Friday, February 19, 2016



* Vault Boy: charisma? i thought you said another word that sounds similar.
narrator: that's disgusting!
Vault Boy: carrom, i thought you said carrom.
narrator: no.
Vault Boy: nok hockey?

* meatball sub: $55
narrator: hey, you have to pay for clean and wholesome.

* that guy deliberately aimed for and hit the mother of the family in that picture with his dart! not cool.

* only Lando Calrissian can do the fingerguns.

* narrator: Vault Boy! don't trade your teddy bear for a fan! you can't love a fan!
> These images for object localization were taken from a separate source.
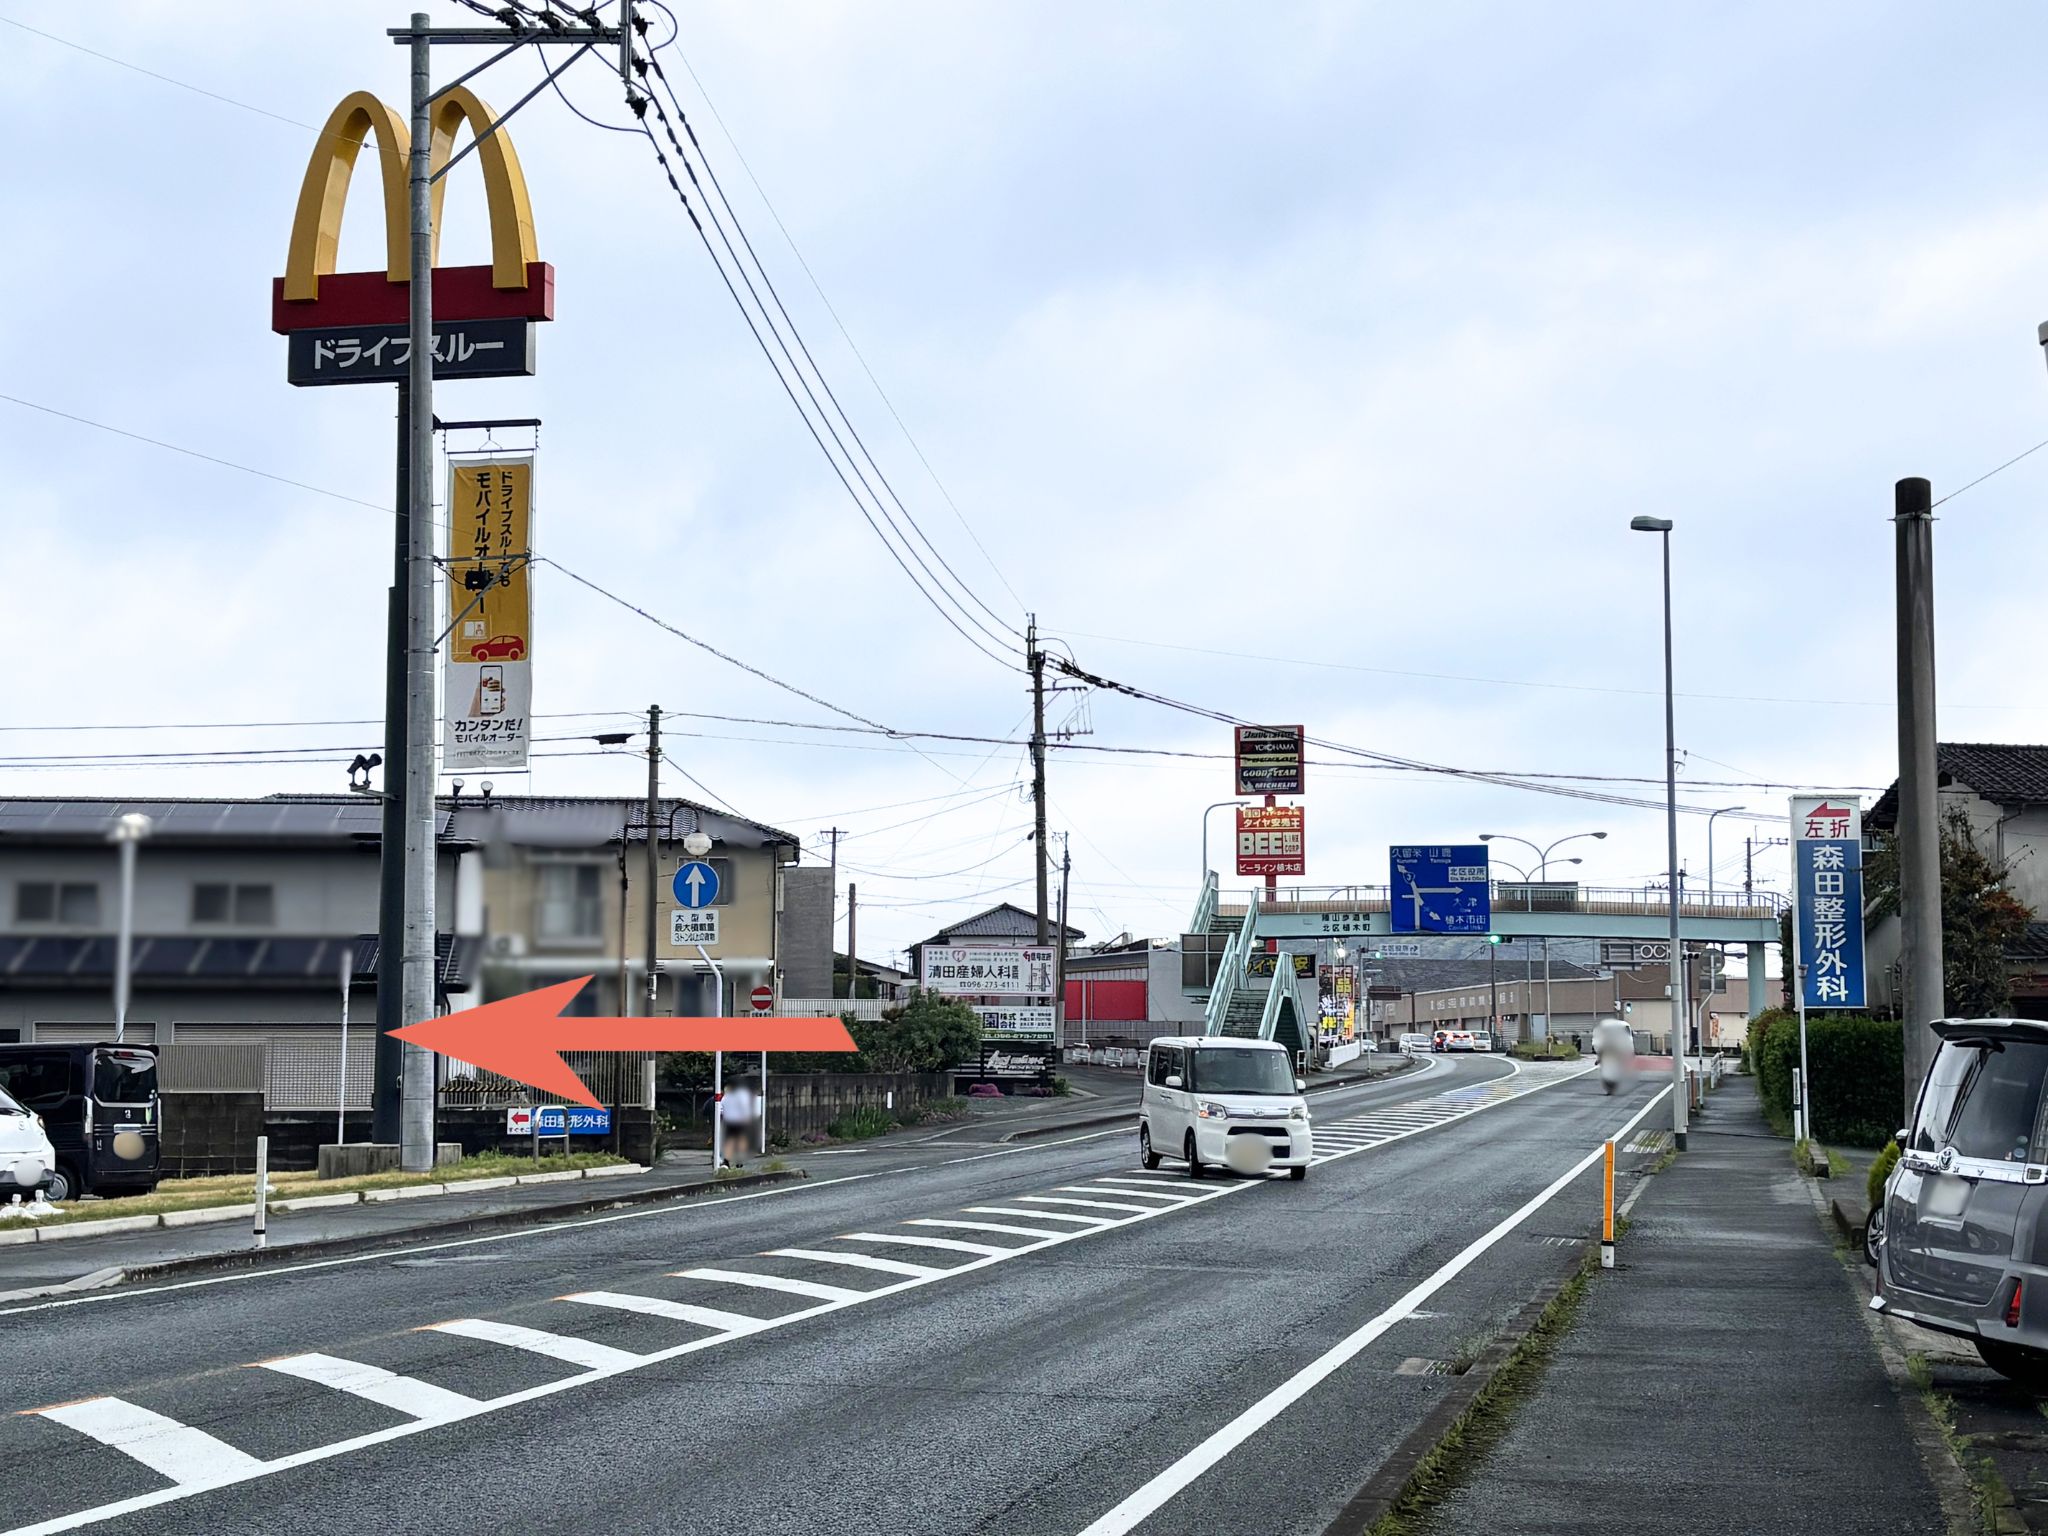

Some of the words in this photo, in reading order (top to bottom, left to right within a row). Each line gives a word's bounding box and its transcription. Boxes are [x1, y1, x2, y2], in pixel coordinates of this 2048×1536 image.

[474, 472, 491, 613] モバイルオーー
[454, 733, 524, 743] モバイルオーダー
[1805, 818, 1850, 838] 左折
[1239, 832, 1283, 855] BEE
[1391, 848, 1423, 858] 久留米
[1450, 868, 1485, 876] 北区役所
[1812, 844, 1848, 1002] 森田整形外科
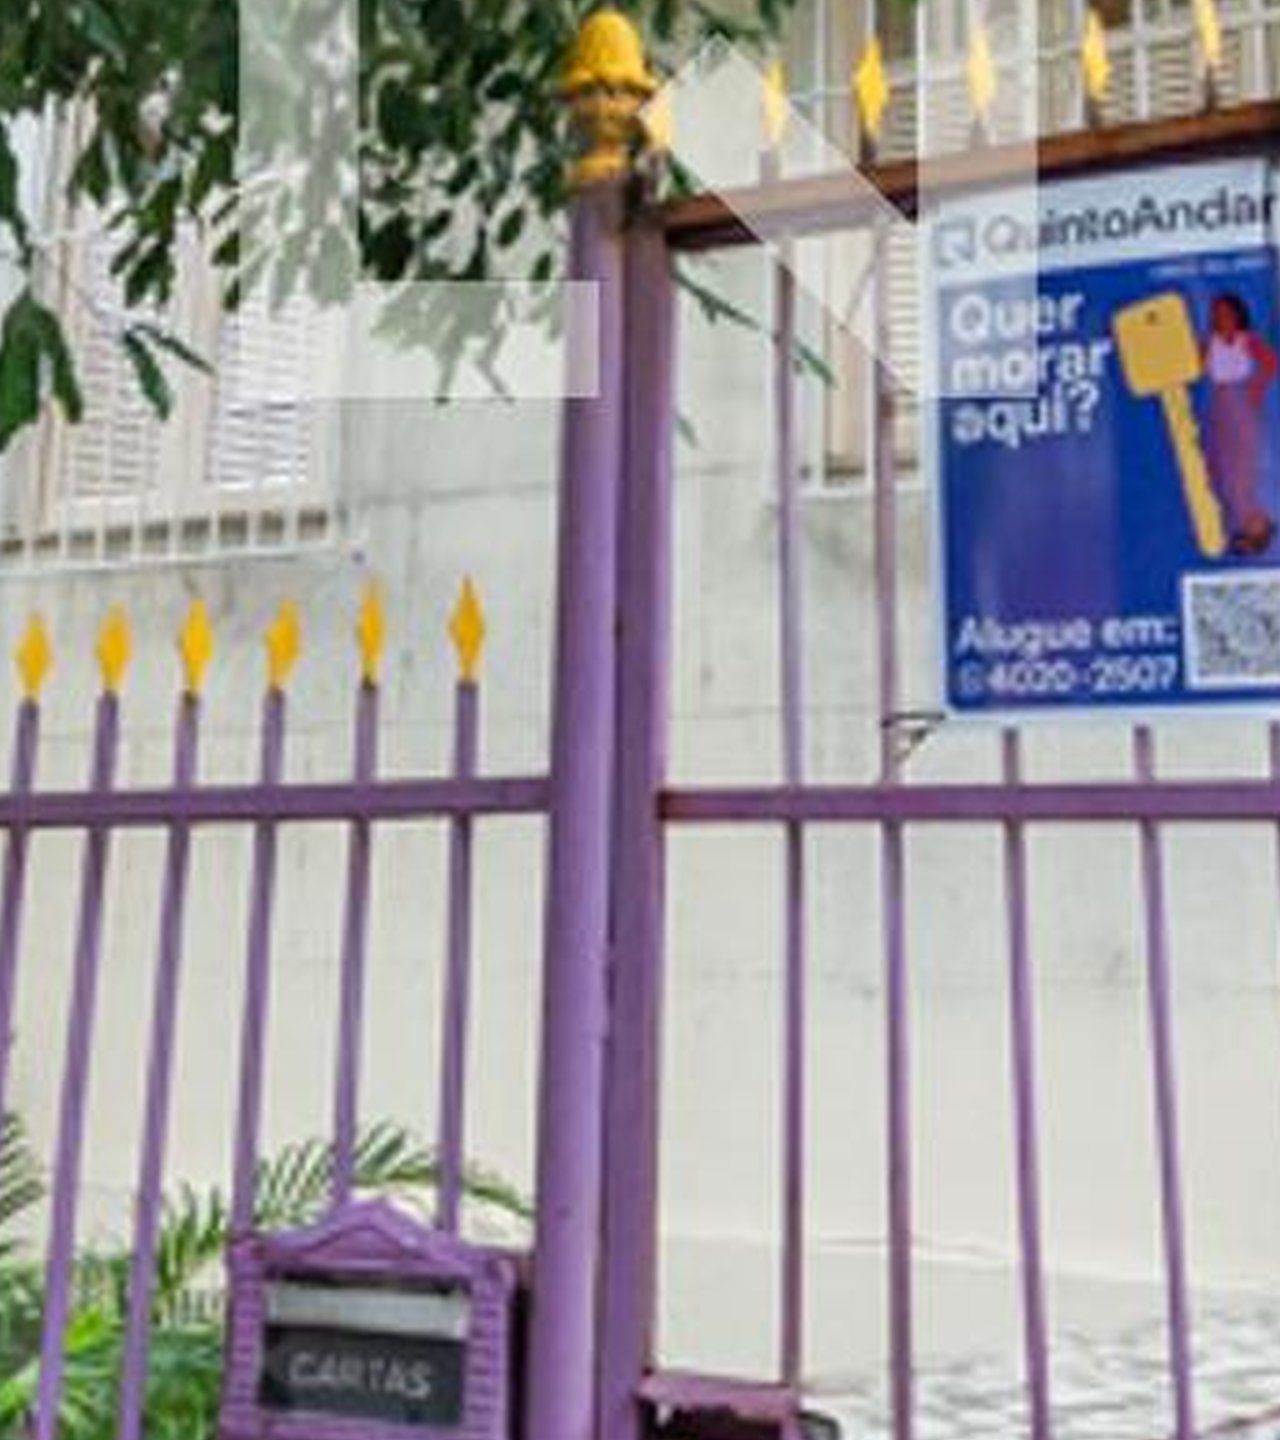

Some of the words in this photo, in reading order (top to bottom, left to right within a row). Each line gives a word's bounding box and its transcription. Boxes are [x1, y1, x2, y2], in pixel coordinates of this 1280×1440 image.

* ponytail woman stabs Vault Boy in the eye.
Vault Boy uses charisma.
ponytail woman only stabs him in the hand.

* Vault Boy: what's in that clear jug of alcohol?
ponytail woman: eyes.
Vault Boy (wanting to appear manly in front of ponytail): aye *swigs*

* Vault Boy comes to outside tied to a post and naked.
narrator: what happens in Vegas stays in Vegas....................cos there is no more Vegas.

* a big bear approaches naked Vault Boy and licks him.
Vault Boy: okay, this is nice, but this is not the bear i want.

* a dog bites into Vault Boy's bite suit.
Vault Boy: this is not right. this is not how it should be. something's wrong here. you are man's best friend. i am man. or boy....................wait, i got it.
Vault Boy exits and returns with a cone of shame around his neck.

* sing a love song to yourself. nobody else is gonna do it.

* loyalty is hard. buy a gun.


happy weekend


Jules said...

Loyalty is rare. Mine is late - sorry *)

the late phoenix said...

love ya <3 *)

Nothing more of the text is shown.